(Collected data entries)
^^^^
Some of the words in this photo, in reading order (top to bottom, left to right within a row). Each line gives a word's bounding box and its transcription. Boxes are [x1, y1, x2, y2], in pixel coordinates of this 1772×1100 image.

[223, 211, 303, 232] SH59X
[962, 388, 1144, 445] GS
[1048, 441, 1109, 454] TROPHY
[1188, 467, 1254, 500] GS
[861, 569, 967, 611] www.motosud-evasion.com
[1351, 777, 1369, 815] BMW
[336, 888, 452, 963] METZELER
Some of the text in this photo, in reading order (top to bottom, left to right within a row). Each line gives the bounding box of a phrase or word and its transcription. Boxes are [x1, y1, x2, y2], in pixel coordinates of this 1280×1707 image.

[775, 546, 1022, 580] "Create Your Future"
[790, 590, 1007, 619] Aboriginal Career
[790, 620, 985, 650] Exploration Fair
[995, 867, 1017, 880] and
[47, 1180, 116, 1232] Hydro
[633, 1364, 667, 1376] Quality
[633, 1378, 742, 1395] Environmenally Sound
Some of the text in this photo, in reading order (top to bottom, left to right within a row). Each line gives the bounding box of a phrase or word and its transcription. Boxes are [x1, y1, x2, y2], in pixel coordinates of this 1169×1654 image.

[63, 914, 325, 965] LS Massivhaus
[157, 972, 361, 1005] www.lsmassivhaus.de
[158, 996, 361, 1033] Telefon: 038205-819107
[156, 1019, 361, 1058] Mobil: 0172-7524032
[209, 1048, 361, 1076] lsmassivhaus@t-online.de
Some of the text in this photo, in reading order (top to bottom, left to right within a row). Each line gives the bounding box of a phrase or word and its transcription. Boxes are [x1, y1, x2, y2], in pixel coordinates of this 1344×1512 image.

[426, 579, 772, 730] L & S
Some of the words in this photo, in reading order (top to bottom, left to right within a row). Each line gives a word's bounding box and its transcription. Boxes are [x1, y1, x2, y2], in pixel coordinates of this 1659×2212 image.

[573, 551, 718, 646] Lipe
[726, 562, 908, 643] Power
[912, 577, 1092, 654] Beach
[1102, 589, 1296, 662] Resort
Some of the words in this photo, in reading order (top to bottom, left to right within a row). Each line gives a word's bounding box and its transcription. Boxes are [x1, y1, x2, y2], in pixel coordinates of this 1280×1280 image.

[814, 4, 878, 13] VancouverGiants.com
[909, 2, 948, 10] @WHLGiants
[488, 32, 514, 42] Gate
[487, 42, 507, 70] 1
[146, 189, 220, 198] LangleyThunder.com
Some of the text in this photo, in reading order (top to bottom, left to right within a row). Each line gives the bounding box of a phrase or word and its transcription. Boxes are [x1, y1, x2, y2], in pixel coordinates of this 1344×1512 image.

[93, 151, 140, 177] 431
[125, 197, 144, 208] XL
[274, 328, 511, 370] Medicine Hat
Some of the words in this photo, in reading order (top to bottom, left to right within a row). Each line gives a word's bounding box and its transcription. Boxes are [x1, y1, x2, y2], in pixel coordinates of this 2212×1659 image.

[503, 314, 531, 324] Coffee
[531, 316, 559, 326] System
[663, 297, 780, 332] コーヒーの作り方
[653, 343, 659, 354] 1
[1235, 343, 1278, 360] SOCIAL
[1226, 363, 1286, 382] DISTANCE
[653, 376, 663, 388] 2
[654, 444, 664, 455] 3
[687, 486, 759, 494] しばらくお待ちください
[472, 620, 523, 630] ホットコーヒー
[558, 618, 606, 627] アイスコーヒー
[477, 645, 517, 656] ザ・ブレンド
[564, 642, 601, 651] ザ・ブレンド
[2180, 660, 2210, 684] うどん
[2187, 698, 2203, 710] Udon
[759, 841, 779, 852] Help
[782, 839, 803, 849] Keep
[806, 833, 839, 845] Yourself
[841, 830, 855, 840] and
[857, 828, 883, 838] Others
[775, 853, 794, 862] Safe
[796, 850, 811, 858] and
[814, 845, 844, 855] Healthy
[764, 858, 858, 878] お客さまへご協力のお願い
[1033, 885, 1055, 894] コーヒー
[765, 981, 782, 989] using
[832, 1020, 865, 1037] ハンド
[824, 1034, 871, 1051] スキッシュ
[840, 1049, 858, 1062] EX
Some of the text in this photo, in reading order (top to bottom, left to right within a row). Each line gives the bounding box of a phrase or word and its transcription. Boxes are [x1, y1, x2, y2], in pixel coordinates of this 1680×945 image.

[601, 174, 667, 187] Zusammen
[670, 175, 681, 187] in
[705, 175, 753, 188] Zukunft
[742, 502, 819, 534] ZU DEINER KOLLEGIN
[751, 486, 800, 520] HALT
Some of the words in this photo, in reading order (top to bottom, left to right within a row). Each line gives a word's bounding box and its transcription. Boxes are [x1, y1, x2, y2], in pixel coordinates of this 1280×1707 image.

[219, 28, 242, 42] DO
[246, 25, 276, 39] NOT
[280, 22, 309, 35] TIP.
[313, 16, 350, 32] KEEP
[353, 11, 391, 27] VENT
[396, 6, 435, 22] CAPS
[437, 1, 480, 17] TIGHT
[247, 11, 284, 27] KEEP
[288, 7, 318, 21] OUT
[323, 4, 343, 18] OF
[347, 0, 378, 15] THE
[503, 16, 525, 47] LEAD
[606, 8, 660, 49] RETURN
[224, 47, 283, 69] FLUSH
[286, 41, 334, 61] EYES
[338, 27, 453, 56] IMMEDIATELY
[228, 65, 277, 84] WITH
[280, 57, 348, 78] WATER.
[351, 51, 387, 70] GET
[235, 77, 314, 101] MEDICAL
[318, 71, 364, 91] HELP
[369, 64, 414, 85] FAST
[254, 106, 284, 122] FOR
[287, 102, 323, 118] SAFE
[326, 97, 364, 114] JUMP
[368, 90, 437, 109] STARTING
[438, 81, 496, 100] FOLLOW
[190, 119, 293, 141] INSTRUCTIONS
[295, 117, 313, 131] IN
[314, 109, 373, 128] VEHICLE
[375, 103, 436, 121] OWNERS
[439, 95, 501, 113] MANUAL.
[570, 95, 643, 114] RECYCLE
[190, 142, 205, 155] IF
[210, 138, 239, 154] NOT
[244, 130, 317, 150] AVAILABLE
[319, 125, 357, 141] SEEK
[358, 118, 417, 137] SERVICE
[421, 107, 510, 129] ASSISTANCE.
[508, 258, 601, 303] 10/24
^^^^
> _What you are asked to do_:
The records above should be given again in full, exactly as written.

> _Expected answer_:
Some of the words in this photo, in reading order (top to bottom, left to right within a row). Each line gives a word's bounding box and its transcription. Boxes are [x1, y1, x2, y2], in pixel coordinates of this 1772×1100 image.

[223, 211, 303, 232] SH59X
[962, 388, 1144, 445] GS
[1048, 441, 1109, 454] TROPHY
[1188, 467, 1254, 500] GS
[861, 569, 967, 611] www.motosud-evasion.com
[1351, 777, 1369, 815] BMW
[336, 888, 452, 963] METZELER
Some of the text in this photo, in reading order (top to bottom, left to right within a row). Each line gives the bounding box of a phrase or word and its transcription. Boxes are [x1, y1, x2, y2], in pixel coordinates of this 1280×1707 image.

[775, 546, 1022, 580] "Create Your Future"
[790, 590, 1007, 619] Aboriginal Career
[790, 620, 985, 650] Exploration Fair
[995, 867, 1017, 880] and
[47, 1180, 116, 1232] Hydro
[633, 1364, 667, 1376] Quality
[633, 1378, 742, 1395] Environmenally Sound
Some of the text in this photo, in reading order (top to bottom, left to right within a row). Each line gives the bounding box of a phrase or word and its transcription. Boxes are [x1, y1, x2, y2], in pixel coordinates of this 1169×1654 image.

[63, 914, 325, 965] LS Massivhaus
[157, 972, 361, 1005] www.lsmassivhaus.de
[158, 996, 361, 1033] Telefon: 038205-819107
[156, 1019, 361, 1058] Mobil: 0172-7524032
[209, 1048, 361, 1076] lsmassivhaus@t-online.de
Some of the text in this photo, in reading order (top to bottom, left to right within a row). Each line gives the bounding box of a phrase or word and its transcription. Boxes are [x1, y1, x2, y2], in pixel coordinates of this 1344×1512 image.

[426, 579, 772, 730] L & S
Some of the words in this photo, in reading order (top to bottom, left to right within a row). Each line gives a word's bounding box and its transcription. Boxes are [x1, y1, x2, y2], in pixel coordinates of this 1659×2212 image.

[573, 551, 718, 646] Lipe
[726, 562, 908, 643] Power
[912, 577, 1092, 654] Beach
[1102, 589, 1296, 662] Resort
Some of the words in this photo, in reading order (top to bottom, left to right within a row). Each line gives a word's bounding box and its transcription. Boxes are [x1, y1, x2, y2], in pixel coordinates of this 1280×1280 image.

[814, 4, 878, 13] VancouverGiants.com
[909, 2, 948, 10] @WHLGiants
[488, 32, 514, 42] Gate
[487, 42, 507, 70] 1
[146, 189, 220, 198] LangleyThunder.com
Some of the text in this photo, in reading order (top to bottom, left to right within a row). Each line gives the bounding box of a phrase or word and its transcription. Boxes are [x1, y1, x2, y2], in pixel coordinates of this 1344×1512 image.

[93, 151, 140, 177] 431
[125, 197, 144, 208] XL
[274, 328, 511, 370] Medicine Hat
Some of the words in this photo, in reading order (top to bottom, left to right within a row). Each line gives a word's bounding box and its transcription. Boxes are [x1, y1, x2, y2], in pixel coordinates of this 2212×1659 image.

[503, 314, 531, 324] Coffee
[531, 316, 559, 326] System
[663, 297, 780, 332] コーヒーの作り方
[653, 343, 659, 354] 1
[1235, 343, 1278, 360] SOCIAL
[1226, 363, 1286, 382] DISTANCE
[653, 376, 663, 388] 2
[654, 444, 664, 455] 3
[687, 486, 759, 494] しばらくお待ちください
[472, 620, 523, 630] ホットコーヒー
[558, 618, 606, 627] アイスコーヒー
[477, 645, 517, 656] ザ・ブレンド
[564, 642, 601, 651] ザ・ブレンド
[2180, 660, 2210, 684] うどん
[2187, 698, 2203, 710] Udon
[759, 841, 779, 852] Help
[782, 839, 803, 849] Keep
[806, 833, 839, 845] Yourself
[841, 830, 855, 840] and
[857, 828, 883, 838] Others
[775, 853, 794, 862] Safe
[796, 850, 811, 858] and
[814, 845, 844, 855] Healthy
[764, 858, 858, 878] お客さまへご協力のお願い
[1033, 885, 1055, 894] コーヒー
[765, 981, 782, 989] using
[832, 1020, 865, 1037] ハンド
[824, 1034, 871, 1051] スキッシュ
[840, 1049, 858, 1062] EX
Some of the text in this photo, in reading order (top to bottom, left to right within a row). Each line gives the bounding box of a phrase or word and its transcription. Boxes are [x1, y1, x2, y2], in pixel coordinates of this 1680×945 image.

[601, 174, 667, 187] Zusammen
[670, 175, 681, 187] in
[705, 175, 753, 188] Zukunft
[742, 502, 819, 534] ZU DEINER KOLLEGIN
[751, 486, 800, 520] HALT
Some of the words in this photo, in reading order (top to bottom, left to right within a row). Each line gives a word's bounding box and its transcription. Boxes are [x1, y1, x2, y2], in pixel coordinates of this 1280×1707 image.

[219, 28, 242, 42] DO
[246, 25, 276, 39] NOT
[280, 22, 309, 35] TIP.
[313, 16, 350, 32] KEEP
[353, 11, 391, 27] VENT
[396, 6, 435, 22] CAPS
[437, 1, 480, 17] TIGHT
[247, 11, 284, 27] KEEP
[288, 7, 318, 21] OUT
[323, 4, 343, 18] OF
[347, 0, 378, 15] THE
[503, 16, 525, 47] LEAD
[606, 8, 660, 49] RETURN
[224, 47, 283, 69] FLUSH
[286, 41, 334, 61] EYES
[338, 27, 453, 56] IMMEDIATELY
[228, 65, 277, 84] WITH
[280, 57, 348, 78] WATER.
[351, 51, 387, 70] GET
[235, 77, 314, 101] MEDICAL
[318, 71, 364, 91] HELP
[369, 64, 414, 85] FAST
[254, 106, 284, 122] FOR
[287, 102, 323, 118] SAFE
[326, 97, 364, 114] JUMP
[368, 90, 437, 109] STARTING
[438, 81, 496, 100] FOLLOW
[190, 119, 293, 141] INSTRUCTIONS
[295, 117, 313, 131] IN
[314, 109, 373, 128] VEHICLE
[375, 103, 436, 121] OWNERS
[439, 95, 501, 113] MANUAL.
[570, 95, 643, 114] RECYCLE
[190, 142, 205, 155] IF
[210, 138, 239, 154] NOT
[244, 130, 317, 150] AVAILABLE
[319, 125, 357, 141] SEEK
[358, 118, 417, 137] SERVICE
[421, 107, 510, 129] ASSISTANCE.
[508, 258, 601, 303] 10/24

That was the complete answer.